Case in point, consider this email I received in May 2015, from an editor I freelanced for regularly back then. The subject line: "You still want to write that tree-hugger story?"

This editor’s publication served an audience of financial advisers, and I’d been pestering him for months to let me write the millennials-and-SRI story.

"At one point you mentioned [the story’s] overall theme might be, 'this is important, and advisors are lagging,'" his email went on. "Which is fine as long as you can make the case that it really is important and not just something hippies talk about while they listen to old Grateful Dead records."

That attitude was not at all unique. Not that I would ever begrudge a journalist or an investor their right and duty to view the world with healthy skepticism. Still, there was always that little touch of unnecessary mockery thrown in. And this general attitude persisted even after a decent number of ESG funds built a worthy track record.

Let me share a personal example. After I began freelancing, I decided that if I really cared about social and environmental issues I should walk the talk, just as I would expect the companies I write about to. So, I rolled my meager 401(k) stash into an IRA managed by a longtime ESG player, with just over 70 percent in equities split between two ESG funds. The largest share is in a low-carbon-strategy fund benchmarked against the Russell 3000, with top holdings such as Microsoft, Tesla, Procter & Gamble and Disney. Over the last five years, it has returned just under 17 percent, moderately beating the index.

Is this fund perfect? No. There are a few companies in there I could do without, but I’m not a purist. As for performance, moderately beating the benchmark suits me fine. And, by the way, 17 percent is perfectly respectable.
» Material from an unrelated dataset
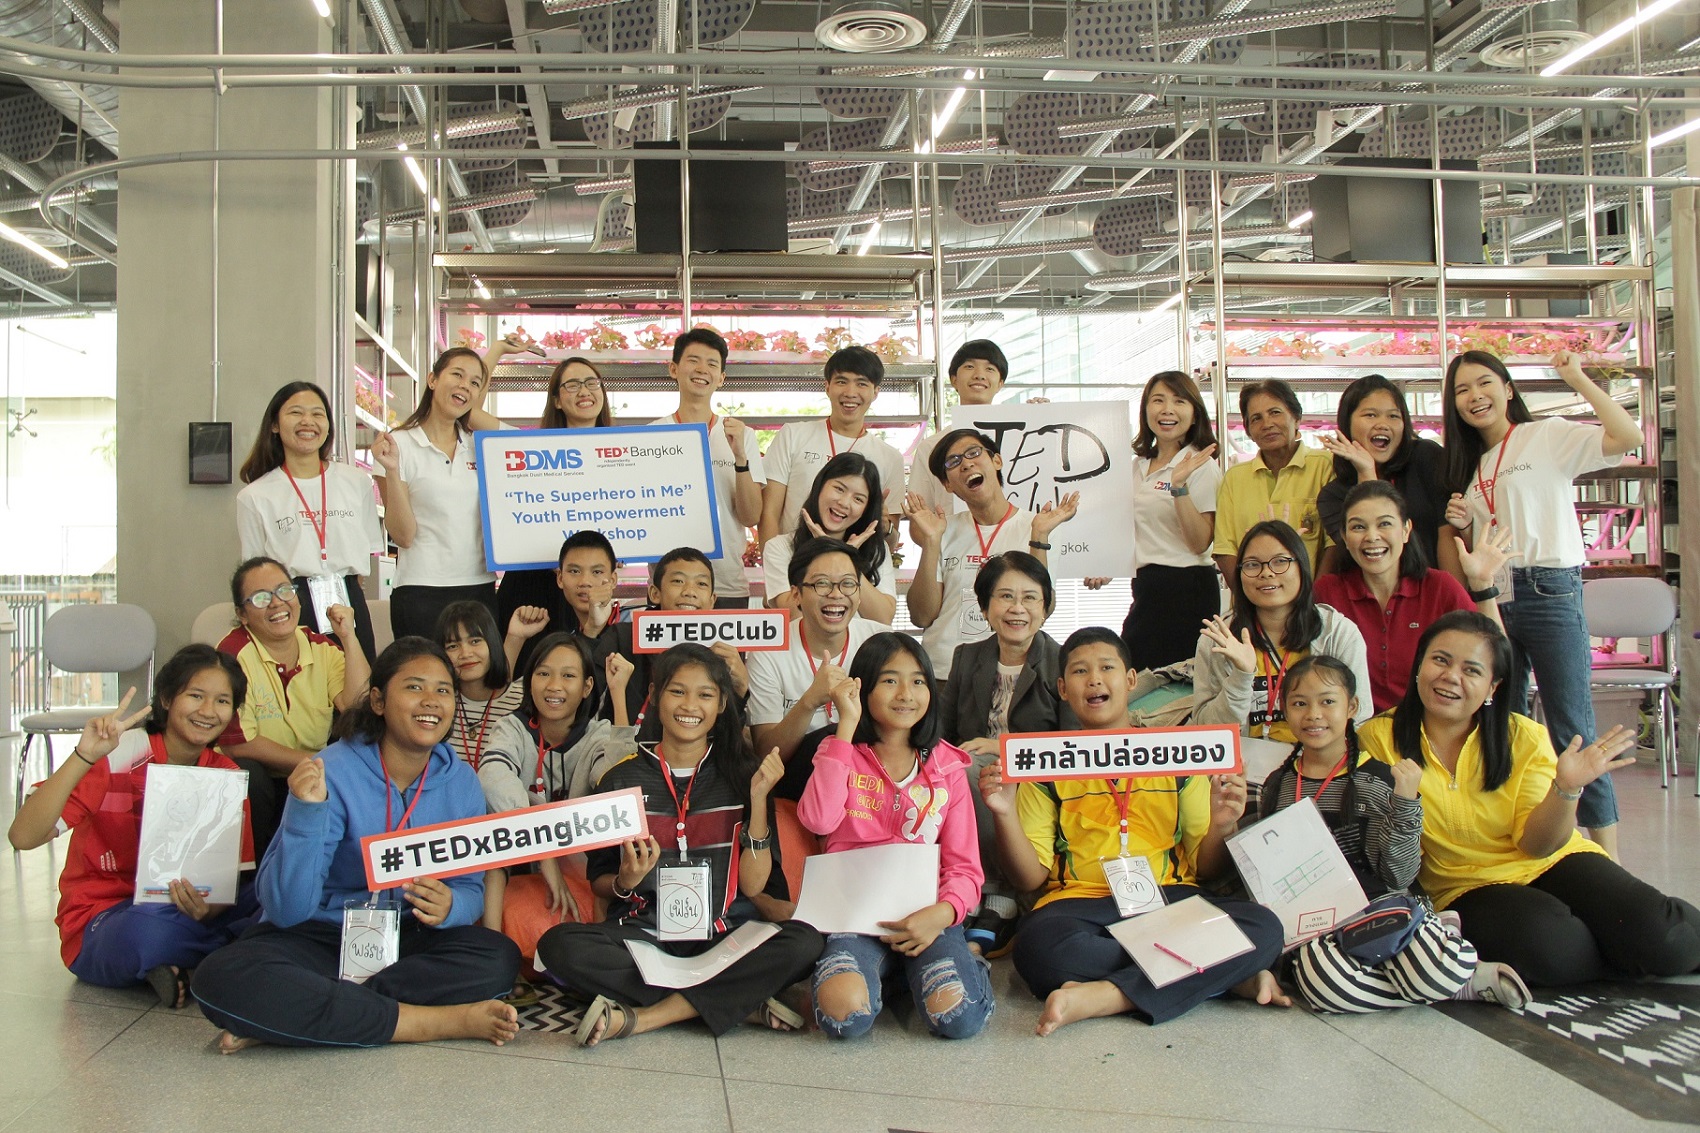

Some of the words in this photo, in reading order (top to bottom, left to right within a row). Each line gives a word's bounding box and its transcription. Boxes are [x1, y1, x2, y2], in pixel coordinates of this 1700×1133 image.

Somewhere along the line the narrative shifted from "ESG doesn’t drag down performance" to "ESG outperforms like crazy but only because of other unrelated stuff or because they’re lying to you about what’s in it." True, you do have to watch these Wall Street types. Fortunately, the regulators appear to be on it.

All of which makes me wonder: Does anyone else look at ESG’s surreal evolution and think, "Really? This touchy-feely do-gooder thing that couldn’t possibly make money has become so attractive to banks that they actually started grabbing funds and just slapping ESG labels on them?"

My point being that yes, ESG has big problems and investors have greenwashing, messy metrics and a lack of transparency to contend with. But as we enter the still Wild West of ESG 2022, as my colleague Joel Makower rightfully called it last week, it might be helpful to remember:

  • If investors weren’t integrating ESG into their investment choices, they wouldn’t care about metrics or transparency.
  • If there were no demand for ESG, there would be no greenwashing.
  • Hence, a large enough segment of both individual and institutional investors — clearly not everyone, but definitely enough people — not only care about environmental impact and risk but are willing to put real money on it.

And that, my hippie friends, is what progress looks like.